Stuttgart/Wörth - Die meisten der rund 18.000 Mitarbeiter sollen bereits von Ostern an in Kurzarbeit geschickt werden, spätestens im Mai sollen die übrigen Beschäftigten folgen. Die Maßnahme ist zunächst bis zum Ende der Sommerferien 2009 geplant. Damit reagiere Daimler  auf die anhaltende Nachfrageschwäche und rückläufige Auftragseingänge. In den Pkw-Werken des Autobauers arbeiten bereits seit Wochen mehr als 50.000 Beschäftigte kurz.
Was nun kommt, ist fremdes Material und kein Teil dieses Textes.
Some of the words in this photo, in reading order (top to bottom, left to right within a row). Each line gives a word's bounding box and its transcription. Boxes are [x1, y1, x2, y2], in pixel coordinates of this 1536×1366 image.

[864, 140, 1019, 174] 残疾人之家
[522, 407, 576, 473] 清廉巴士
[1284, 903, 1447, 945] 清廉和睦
Die Nachfrage nach Sonderfahrzeugen im Lkw-Bereich, wie dem Unimog oder dem Mercedes-Benz Econic sowie nach Bussen der Marken Mercedes-Benz und Setra, sei weiterhin hoch. Daher seien die Beschäftigten in diesen Bereichen nicht von Kurzarbeit betroffen.

Über die konkrete Handhabung der Kurzarbeit müssten noch Betriebsvereinbarungen getroffen werden. Diese seien im Detail noch nicht abgeschlossen. Ansonsten sei zunächst eine Kurzarbeit bis zum Ende der Sommerferien vorgesehen. Der konkrete Umfang der Arbeitsreduzierung soll monatlich mit Blick auf die Auftragslage festgelegt werden.
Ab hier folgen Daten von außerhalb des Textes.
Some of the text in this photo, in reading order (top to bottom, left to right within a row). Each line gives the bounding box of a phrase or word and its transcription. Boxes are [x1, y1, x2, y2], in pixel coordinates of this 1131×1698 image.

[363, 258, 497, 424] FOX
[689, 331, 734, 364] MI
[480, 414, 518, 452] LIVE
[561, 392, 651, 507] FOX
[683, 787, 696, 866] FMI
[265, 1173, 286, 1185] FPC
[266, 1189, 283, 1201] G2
Den Angaben zufolge sind an den Lkw-Standorten Wörth, Gaggenau, Kassel und Mannheim insgesamt rund 18.000 Beschäftigte betroffen. Im Mercedes-Benz-Werk Wörth werden ab 4. Mai bis zum Ende der Sommerferien bis zu 7500 Beschäftigte in Kurzarbeit gehen.

In Gaggenau sollen rund 3800 Mitarbeiter ab 22. April kurzarbeiten. Rund 700 Beschäftigte aus der dortigen Produktion von Pkw-Teilen für Rastatt und Transporter sind bereits seit Anfang März in Kurzarbeit.

In Kassel werden rund 1300 Mitarbeiter ab 14. April bis Ende August kurzarbeiten. Rund 550 Beschäftigte in den transporternahen Bereichen sind davon bereits seit Anfang März betroffen. In Mannheim werden ab 6. April bis zu 3500 Beschäftigte kurzarbeiten.

In den Pkw-Werken des Autobauers arbeiten bereits seit Wochen mehr als 50.000 Beschäftigte kurz.